### Supplied data ###

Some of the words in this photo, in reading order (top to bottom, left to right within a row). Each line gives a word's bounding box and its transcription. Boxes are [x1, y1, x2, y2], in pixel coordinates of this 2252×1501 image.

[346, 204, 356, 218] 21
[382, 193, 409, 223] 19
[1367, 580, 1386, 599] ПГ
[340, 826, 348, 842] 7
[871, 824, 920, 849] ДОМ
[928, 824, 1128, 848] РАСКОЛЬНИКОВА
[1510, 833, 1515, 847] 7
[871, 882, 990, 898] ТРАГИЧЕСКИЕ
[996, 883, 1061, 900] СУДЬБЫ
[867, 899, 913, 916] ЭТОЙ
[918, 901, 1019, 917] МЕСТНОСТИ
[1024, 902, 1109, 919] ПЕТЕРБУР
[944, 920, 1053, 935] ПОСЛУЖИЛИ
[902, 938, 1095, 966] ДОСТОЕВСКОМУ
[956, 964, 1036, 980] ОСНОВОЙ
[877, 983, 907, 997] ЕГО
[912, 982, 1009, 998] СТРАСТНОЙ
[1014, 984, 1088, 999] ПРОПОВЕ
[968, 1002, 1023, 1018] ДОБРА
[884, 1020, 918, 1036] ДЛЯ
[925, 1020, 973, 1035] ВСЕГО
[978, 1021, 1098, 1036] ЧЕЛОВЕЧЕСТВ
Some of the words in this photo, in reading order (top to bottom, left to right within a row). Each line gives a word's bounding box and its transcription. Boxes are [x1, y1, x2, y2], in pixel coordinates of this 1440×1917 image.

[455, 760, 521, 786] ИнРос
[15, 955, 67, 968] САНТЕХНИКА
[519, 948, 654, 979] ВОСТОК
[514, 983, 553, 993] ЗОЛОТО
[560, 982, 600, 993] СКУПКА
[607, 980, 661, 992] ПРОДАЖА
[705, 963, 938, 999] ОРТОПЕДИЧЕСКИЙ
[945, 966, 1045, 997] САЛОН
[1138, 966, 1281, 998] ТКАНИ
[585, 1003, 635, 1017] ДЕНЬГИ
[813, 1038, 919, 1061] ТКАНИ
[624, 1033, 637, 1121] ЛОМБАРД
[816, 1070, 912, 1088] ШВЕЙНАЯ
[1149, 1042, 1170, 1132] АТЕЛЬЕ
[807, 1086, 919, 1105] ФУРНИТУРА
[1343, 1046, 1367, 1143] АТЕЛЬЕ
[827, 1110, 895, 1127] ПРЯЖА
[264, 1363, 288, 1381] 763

###

- The task -
Using the material above, reproduce exactly the line that contains "this 1440×1917 image." and all lines after it through the last one, and only those.

- Output -
Some of the words in this photo, in reading order (top to bottom, left to right within a row). Each line gives a word's bounding box and its transcription. Boxes are [x1, y1, x2, y2], in pixel coordinates of this 1440×1917 image.

[455, 760, 521, 786] ИнРос
[15, 955, 67, 968] САНТЕХНИКА
[519, 948, 654, 979] ВОСТОК
[514, 983, 553, 993] ЗОЛОТО
[560, 982, 600, 993] СКУПКА
[607, 980, 661, 992] ПРОДАЖА
[705, 963, 938, 999] ОРТОПЕДИЧЕСКИЙ
[945, 966, 1045, 997] САЛОН
[1138, 966, 1281, 998] ТКАНИ
[585, 1003, 635, 1017] ДЕНЬГИ
[813, 1038, 919, 1061] ТКАНИ
[624, 1033, 637, 1121] ЛОМБАРД
[816, 1070, 912, 1088] ШВЕЙНАЯ
[1149, 1042, 1170, 1132] АТЕЛЬЕ
[807, 1086, 919, 1105] ФУРНИТУРА
[1343, 1046, 1367, 1143] АТЕЛЬЕ
[827, 1110, 895, 1127] ПРЯЖА
[264, 1363, 288, 1381] 763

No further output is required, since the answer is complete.